Als ich im Oktober 1998 nach Potsdam kam, war weithin unbekannt, dass es hier neben alten Schlössern und hübschen Gärten auch eine Universität gab. Der Werbeslogan „Studieren, wo andere Urlaub machen“ war noch von keinem hellen Kopf ersonnen worden. Vielmehr sorgte mein Entschluss, in Potsdam Geschichte studieren zu wollen, bei vielen Freunden für Erheiterung oder ungläubiges Kopfschütteln. Es wurde über „Buschzulage“, „Entwicklungshilfe“ und den märkischen Sand gewitzelt.
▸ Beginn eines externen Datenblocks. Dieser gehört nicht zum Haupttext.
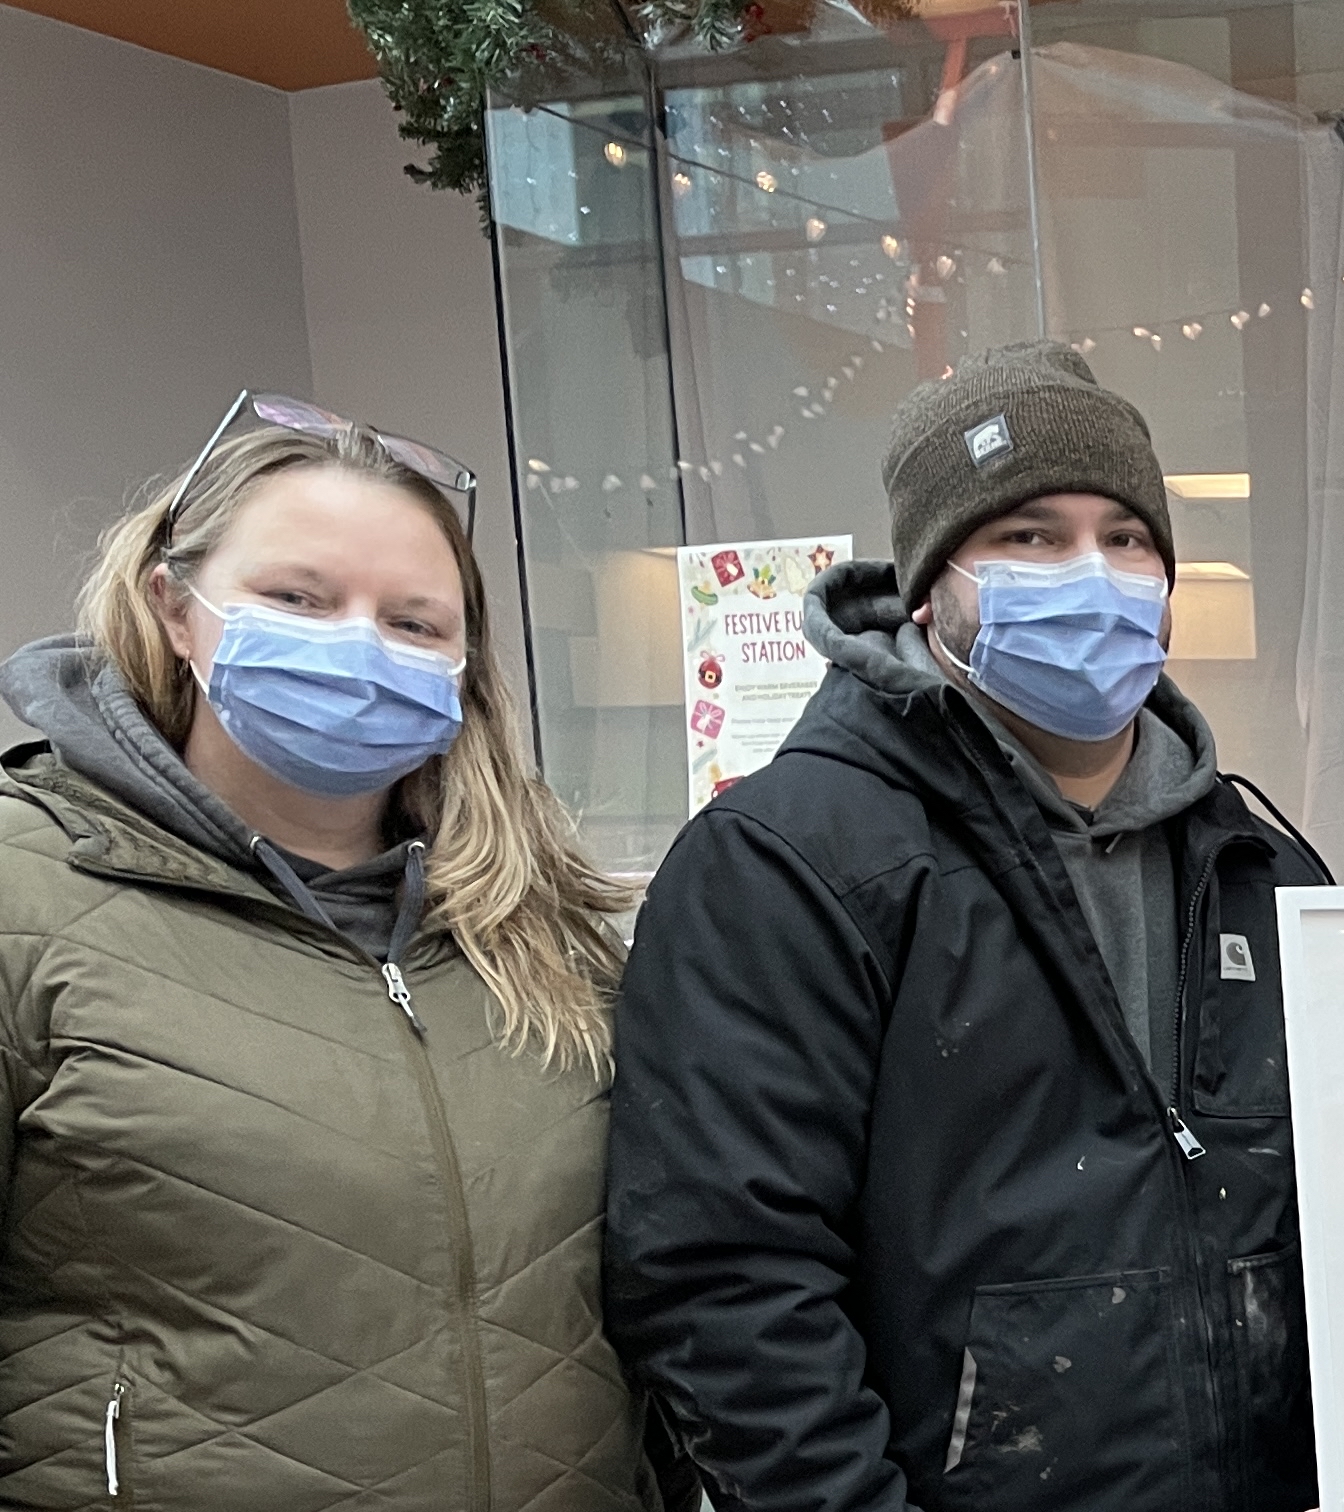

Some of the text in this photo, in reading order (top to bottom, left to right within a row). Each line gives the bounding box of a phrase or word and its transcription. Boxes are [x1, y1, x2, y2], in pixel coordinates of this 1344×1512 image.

[725, 610, 803, 635] FESTIVE FU
[742, 640, 806, 663] STATION
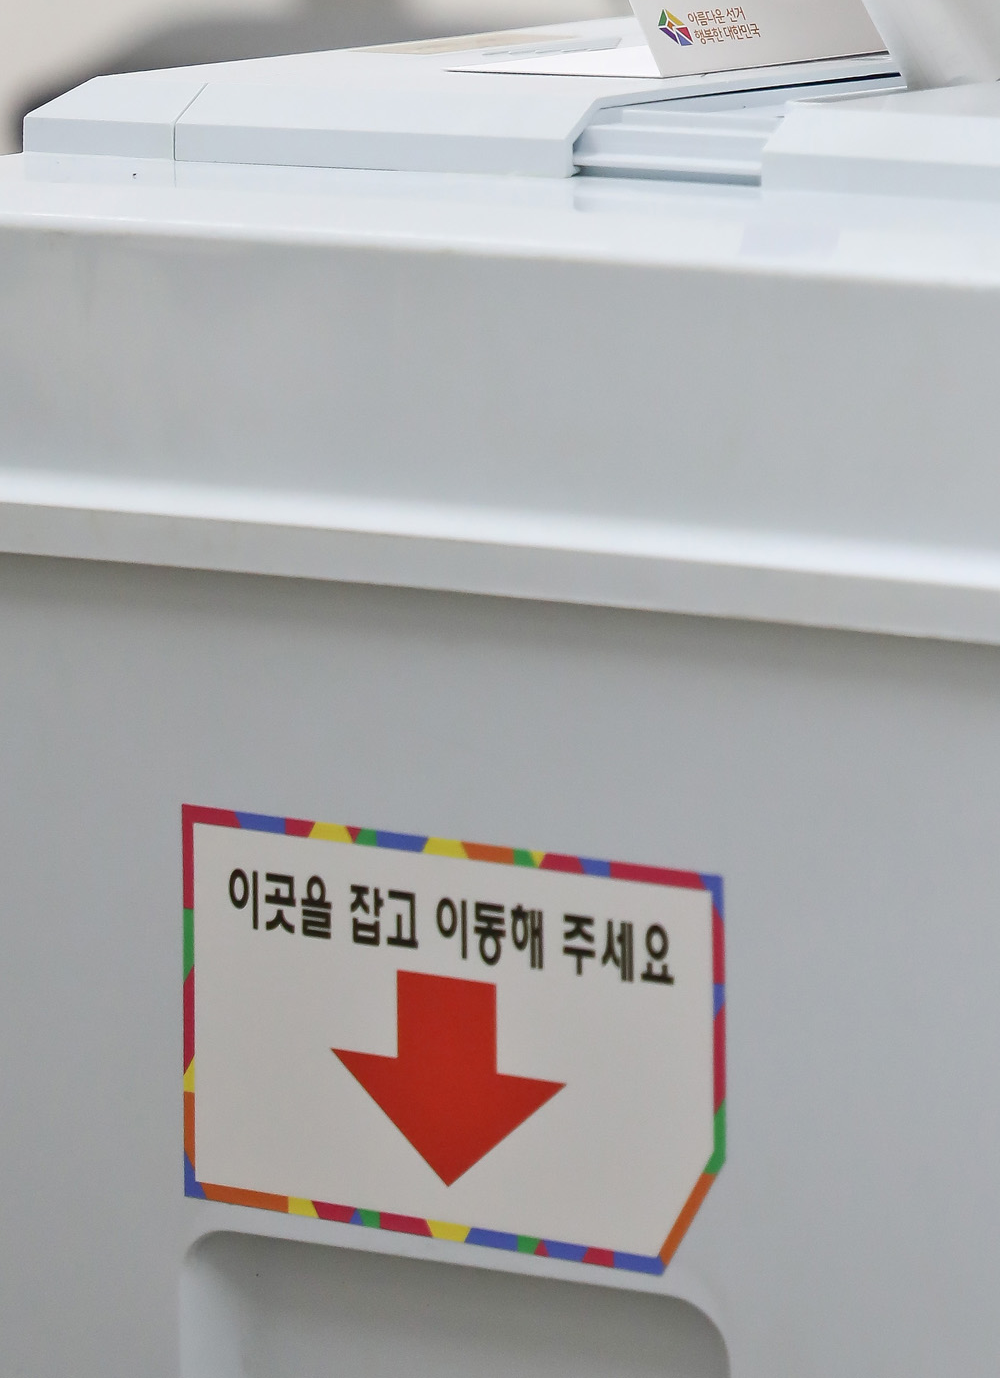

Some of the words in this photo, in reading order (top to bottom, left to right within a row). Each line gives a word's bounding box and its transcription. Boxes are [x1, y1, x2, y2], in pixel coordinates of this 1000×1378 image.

[687, 8, 725, 26] 아름다운
[726, 6, 747, 23] 선거
[693, 26, 724, 45] 행복한
[724, 23, 761, 40] 대한민국
[228, 868, 332, 940] 이곳을
[349, 884, 419, 950] 잡고
[436, 896, 544, 971] 이동해
[562, 913, 675, 986] 주세요
Natürlich hatten diese Klischees nichts mit der Wirklichkeit zu tun. Denn für mich, der ich im tiefen Ostwestfalen aufgewachsen bin, steckte hinter der Entscheidung für Potsdam mehr als eine vermeintliche Extravaganz. Die großen Vorteile dieser jungen Uni, an der die Aufbruchstimmung nach der Wiedervereinigung überall in der Luft hing, das einzigartige historische Flair sowie die Nähe zu Berlin lagen auf der Hand.
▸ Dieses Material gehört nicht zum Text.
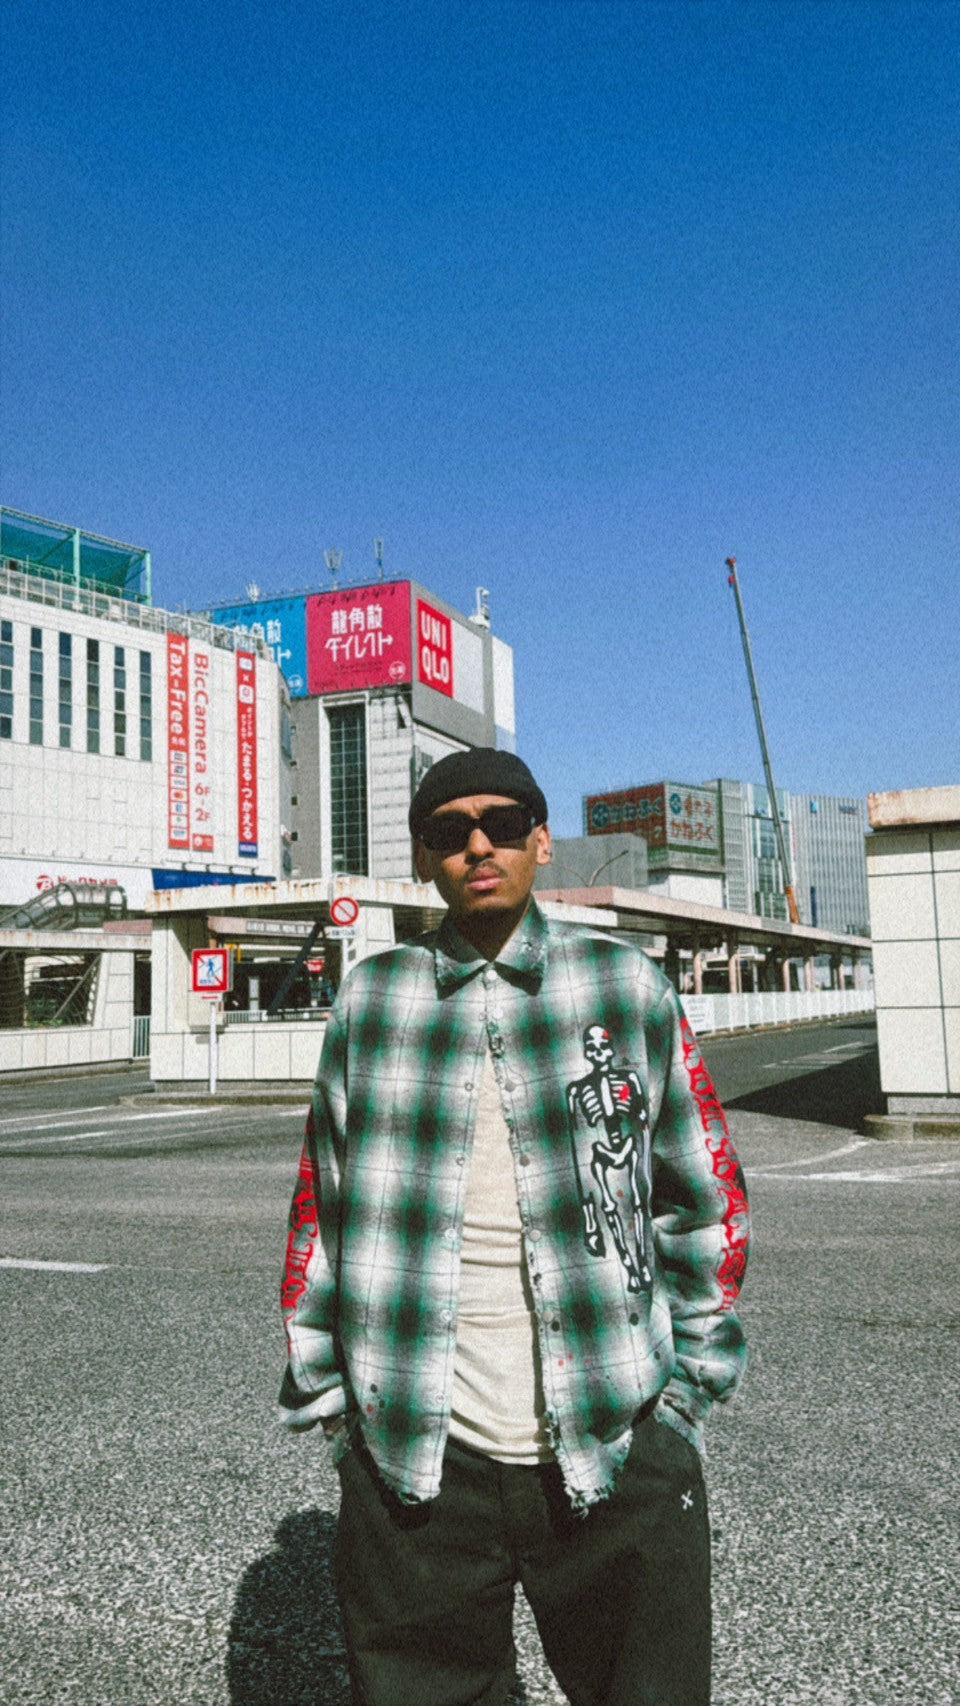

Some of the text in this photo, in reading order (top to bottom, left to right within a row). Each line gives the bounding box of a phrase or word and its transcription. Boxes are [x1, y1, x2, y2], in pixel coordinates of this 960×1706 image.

[330, 604, 384, 636] 龍角散
[421, 610, 447, 651] UNI
[421, 648, 451, 685] QLO
[170, 642, 187, 735] Tax-Free
[194, 652, 210, 774] BicCamera
[194, 783, 211, 796] 6F
[194, 808, 211, 822] 2F
Doch daneben gab es weitere Motive, die für mich von ebenso großer Bedeutung waren: Mir ging es vor allem darum, an einer Universität zu studieren, wo vergleichsweise junge und aufstrebende Wissenschaftler arbeiteten, wo die universitären Strukturen nicht so verkrustet schienen, wie man es von vielen westdeutschen Hochschulen kannte, wo es für einen Studenten gute Chancen gab, in den direkten Kontakt mit der Forschung zu kommen. Dass ich später irgendetwas beruflich mit Geschichte tun wollte, war mir seit der Schulzeit klar. Ich war überzeugt davon, dass im Hinblick auf einen möglichen Einstieg in die wissenschaftliche Laufbahn eine mittelgroße Hochschule bessere Aussichten bot als die üblichen Massenuniversitäten. Potsdam war also eine bewusste Entscheidung.
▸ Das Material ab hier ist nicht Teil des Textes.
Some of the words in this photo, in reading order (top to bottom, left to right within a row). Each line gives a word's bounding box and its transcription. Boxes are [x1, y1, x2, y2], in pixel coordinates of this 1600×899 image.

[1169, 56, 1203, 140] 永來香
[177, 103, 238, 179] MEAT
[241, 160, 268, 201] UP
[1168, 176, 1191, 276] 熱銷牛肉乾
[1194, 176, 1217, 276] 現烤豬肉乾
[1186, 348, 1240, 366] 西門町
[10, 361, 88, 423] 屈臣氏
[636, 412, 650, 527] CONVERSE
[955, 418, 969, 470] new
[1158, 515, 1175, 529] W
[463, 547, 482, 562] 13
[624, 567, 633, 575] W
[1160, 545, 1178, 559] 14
Tatsächlich sollten sich diese Erwartungen erfüllen. Schon bald nach Beginn meines Studiums ergaben sich erste Gelegenheiten, einen Einblick in das Berufsfeld des Historikers zu erhalten. Dieses trägt sich größtenteils außerhalb des Hörsaals zu – im Archiv, in der Bibliothek oder am heimischen Schreibtisch. Als studentische Hilfskraft lernte ich die verschiedenen Tätigkeitsfelder eines Geisteswissenschaftlers kennen. Das hatte nichts mit Kaffeekochen oder dauerhaftem Kopieren zu tun, wenngleich der Kopierer durchaus ein wichtiges Arbeitsutensil darstellt. Ich lernte den organisatorischen Teil der Wissenschaft kennen, arbeitete an Buchprojekten mit und wurde in die Vorbereitung von Ausstellungen und Konferenzen mit eingebunden. Ein schönes Erlebnis war es, als „einfacher“ Student seine eigenen Ideen mit einbringen zu können. Die Erfahrungen, die ich in den verschiedenen Bereichen sammelte, haben sich wiederum positiv auf mein Studium ausgewirkt. Wenn man weiß, wie Wissenschaft funktioniert, dann verändern sich die eigenen Perspektiven grundlegend. Meine Begeisterung für das Berufsfeld eines Historikers hat sich dadurch jedenfalls verstärkt.

Ob ich diesen Entwicklungsweg als konsequent durchdacht und zielgerichtet bezeichnen würde, kann ich nicht mit letzter Bestimmtheit sagen. Vieles ergab sich einfach von selbst. Dabei nahm ich es in Kauf, dass ich durch die verschiedenen Projekte, für die andere mehrere Praktika zusätzlich absolvieren mussten, die Regelstudienzeit um ein paar Semester überschritt.

Das dürfte heute, unter den Bedingungen der Bachelor- und Masterstudiengänge, ungleich schwerer umzusetzen sein. Gleichwohl gibt es auch jetzt zahlreiche Möglichkeiten. Mir ist bewusst, dass die Zukunft nach der Dissertation, an der ich zur Zeit arbeite, trotz aller öffentlichen Bekundungen für einen Historiker keineswegs gesichert ist. Feste Stellen als Wissenschaftler finden die wenigsten von uns. Viele wechseln nach der Promotion in die freie Wirtschaft oder in den Schuldienst. Dort stehen die Aussichten weitaus günstiger. Aber als Westfale ist man eben von Natur aus ein Zweckoptimist.